I like learning. I have a Master’s degree in Political Science. I speak (well, dabble in) several languages. Development assistance (aid programmes) has been an ongoing career interest of mine. As a result I've learnt a lot about a lot of different topics, including areas about as different from Political Science as you can get. For example, I was once asked by a World Bank engineer if I was an engineer too, after talking to him about civil engineering and road maintenance management! And more recently I've learnt a lot about tertiary education, and about corporate governance. But due to deficiencies in my primary school education, I was never really into science. Biology was an elective subject after the age of 16, and there were other subjects that I was keen to pursue at the time. (Also, I didn't want to have to dissect a rat.)
But through infertility and ectopic pregnancy, I have learnt so much about human biology and reproduction. In fact, I can guarantee that I know more about this than most of my friends and relatives who have actually had children. I know I knew more about ectopic pregnancy diagnosis and treatment than the junior doctors or emergency clinic GPs who were dealing with my case during my second ectopic. And that was before I started volunteering, when I had access to world leading research on ectopic pregnancy, and daily I learned more from the medical professionals (one in particular, she knows who she is) I was working with.

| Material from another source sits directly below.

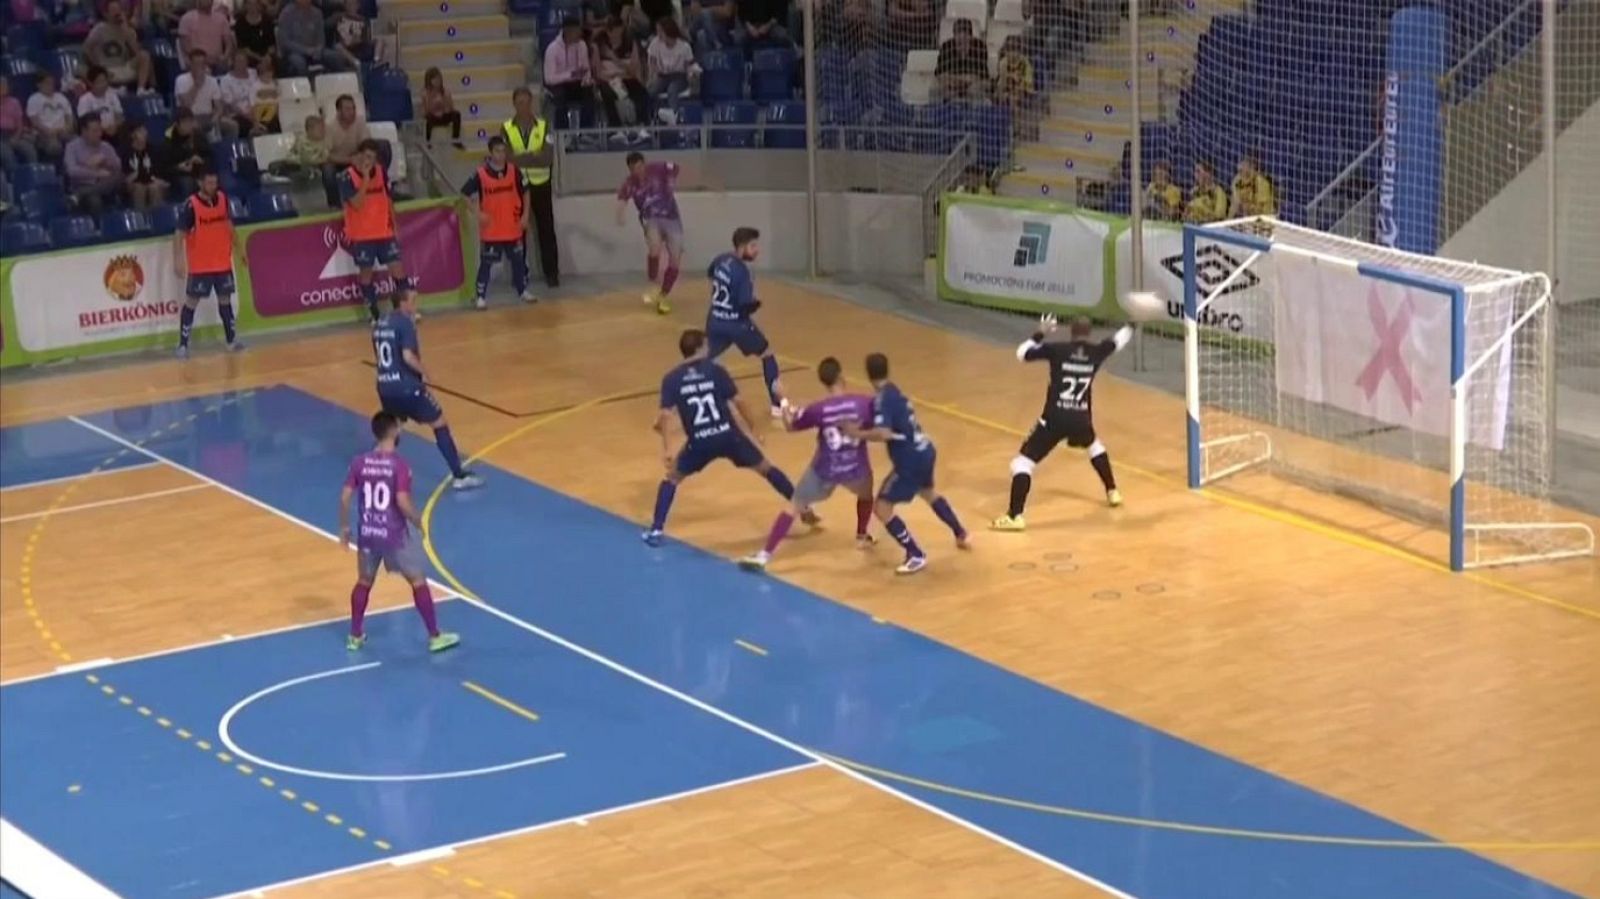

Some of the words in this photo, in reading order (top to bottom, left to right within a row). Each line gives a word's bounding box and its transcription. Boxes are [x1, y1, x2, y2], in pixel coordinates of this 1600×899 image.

I know I'm not alone in this. Every woman who has been through infertility or IVF will come out knowing much more about their reproductive biology than when they went in. I've seen many cases of women having to explain to their own doctors the details of their own cycles, and the implications of these. The misnamed 21-day test to check if a woman is ovulating is a classic example. It is only accurate if a woman ovulates on cycle day 14, and many don’t. My own GP looked at my results and said “I'm sorry, I don’t think you’re ovulating.” But I was charting my cycle, and there was strong evidence that I was. A few weeks later, I printed out my charts and presented them to my fertility specialist at our first appointment. He looked at them and said, “there’s no doubt that you’re ovulating.” I felt vindicated. And I have to say that the more I learnt about my cycle, the more empowered I felt, even if I was in fact learning how powerless we are when it comes to reproduction.
Knowledge is power. In my case, it wasn't power enough to conceive or carry children, but it was power. It helped me understand why further IVF cycles would be a waste of money. It helped me understand why I had ectopic pregnancies, and how to keep myself (and others) safe. Knowledge gave me the understanding, and the freedom, to accept the hand I’d been dealt. For me, knowledge was empowering, and I loved learning more and more, regardless of the implications for my own situation, and for years after my own fertility journey was over.
It makes me wonder whether, if my education had been different, I might have considered medicine as an occupation. I’ll never know. But I appreciate that my infertility and losses sparked an interest that lay latent within me.